(Provided information Opens)

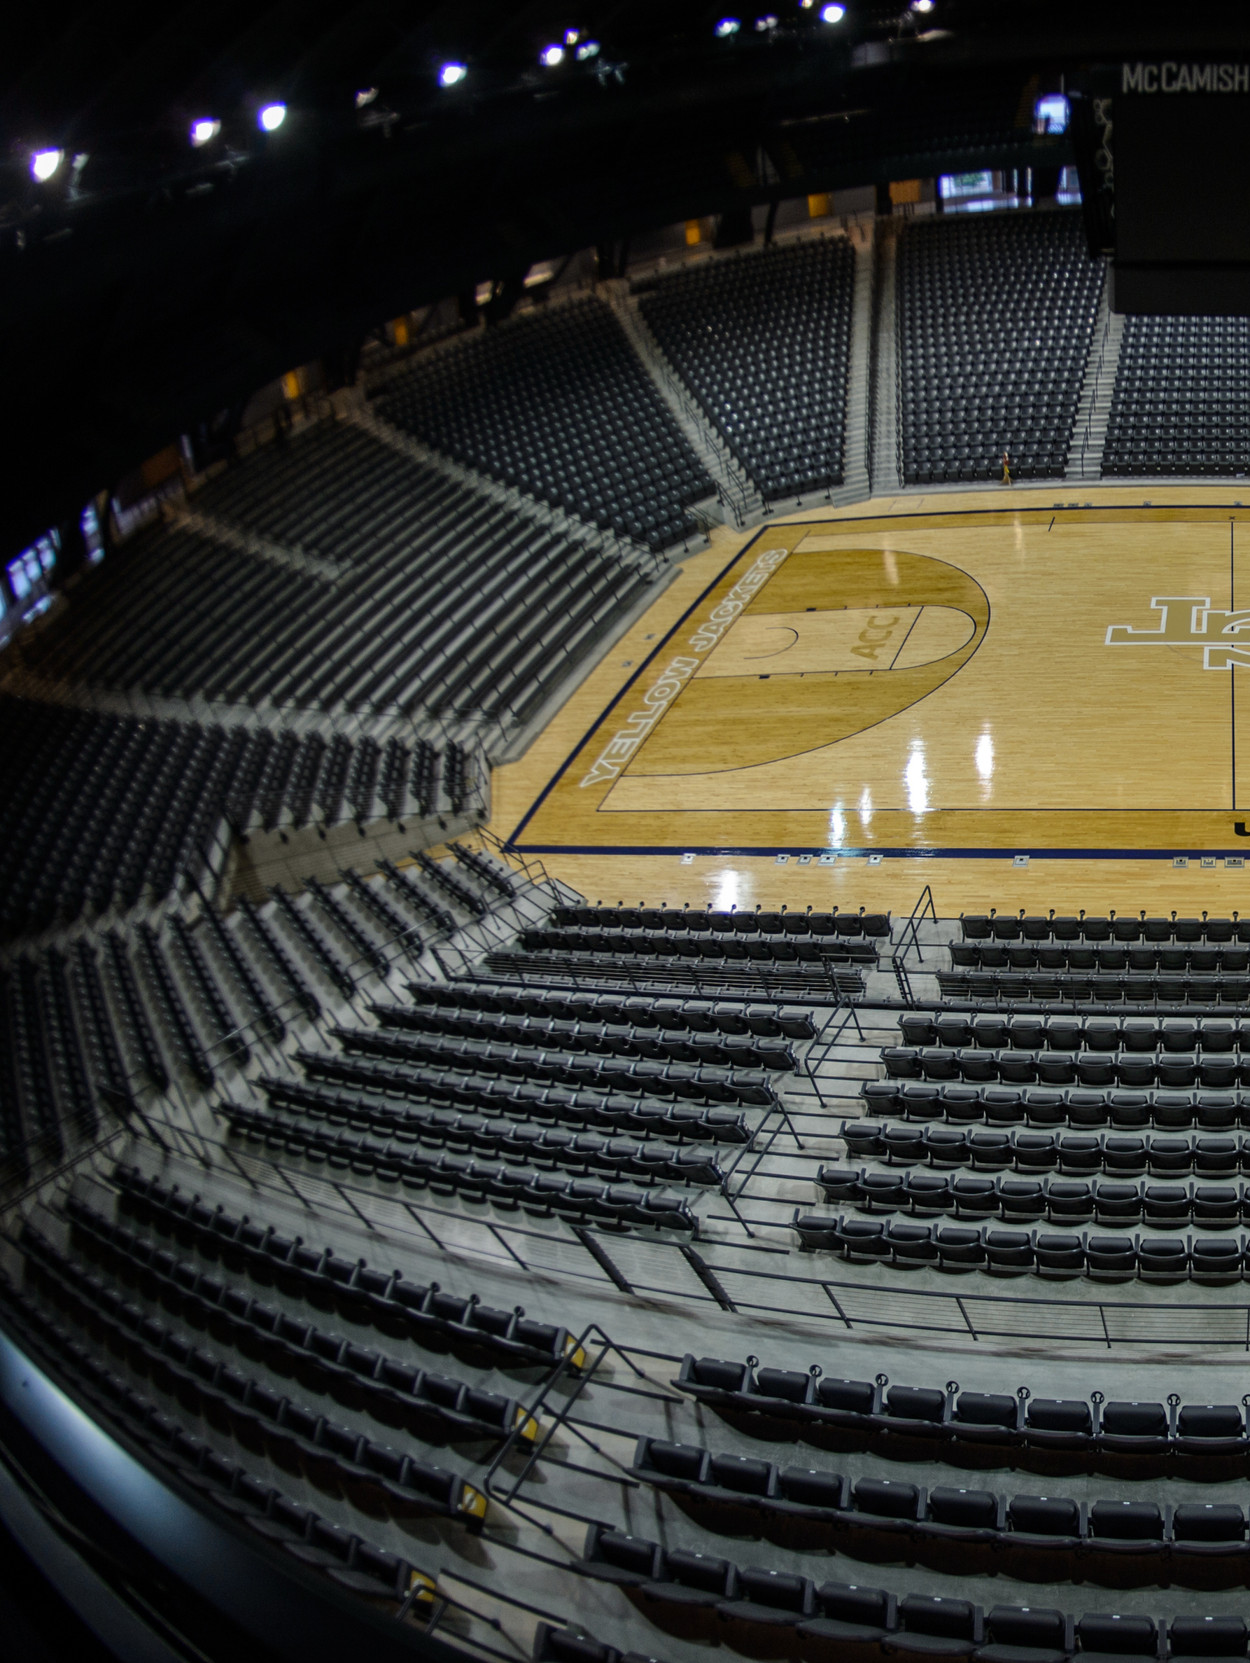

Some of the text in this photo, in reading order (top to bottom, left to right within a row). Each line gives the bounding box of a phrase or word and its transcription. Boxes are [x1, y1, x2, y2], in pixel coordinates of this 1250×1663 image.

[580, 548, 788, 788] YELLOW JACKETS
[849, 614, 901, 661] ACC
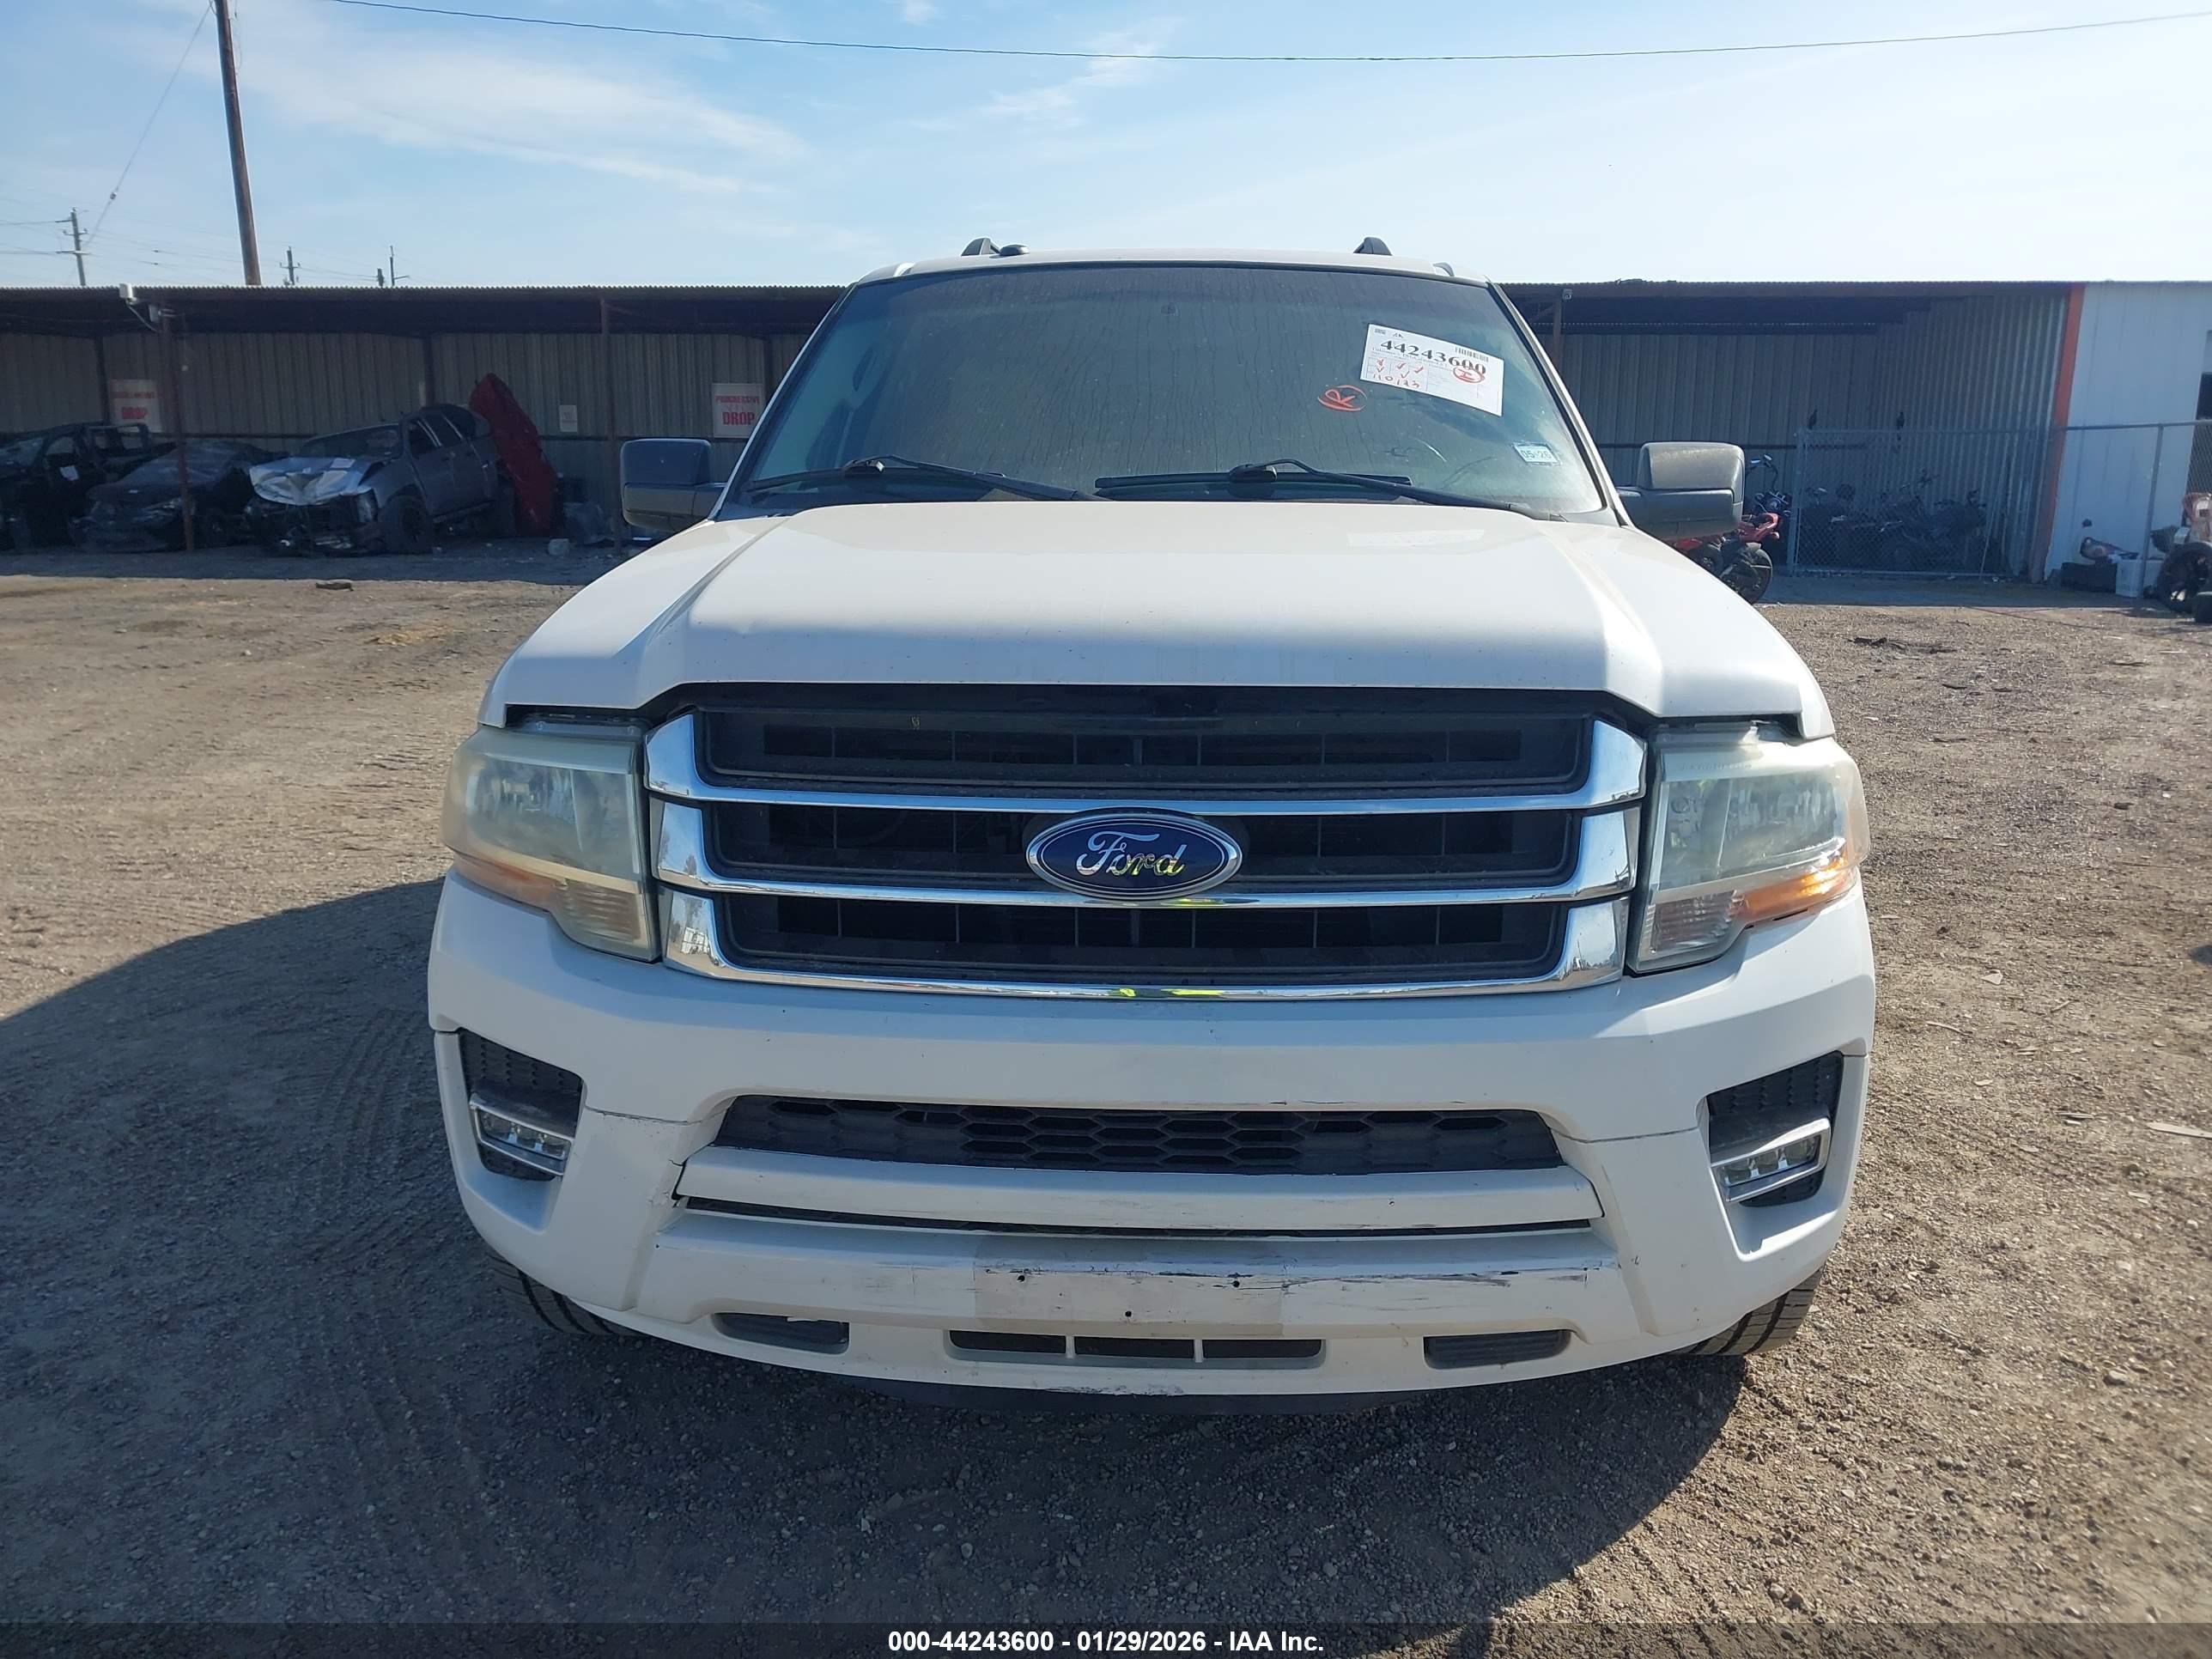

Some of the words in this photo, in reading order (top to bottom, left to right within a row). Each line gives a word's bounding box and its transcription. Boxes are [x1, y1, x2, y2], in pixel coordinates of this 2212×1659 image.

[1381, 341, 1486, 374] 44243600
[722, 412, 756, 425] DROP
[1076, 830, 1188, 876] Ford

(Provided information Closes)

How to complete this task: Exactly as written, please copy out the whole set of records, skipping images.

Task solution:
Some of the text in this photo, in reading order (top to bottom, left to right within a row). Each line gives the bounding box of a phrase or word and its transcription. Boxes are [x1, y1, x2, y2], in pixel coordinates of this 1250×1663 image.

[580, 548, 788, 788] YELLOW JACKETS
[849, 614, 901, 661] ACC

Some of the words in this photo, in reading order (top to bottom, left to right within a row). Each line gives a word's bounding box and its transcription. Boxes are [x1, y1, x2, y2], in pixel coordinates of this 2212×1659 image.

[1381, 341, 1486, 374] 44243600
[722, 412, 756, 425] DROP
[1076, 830, 1188, 876] Ford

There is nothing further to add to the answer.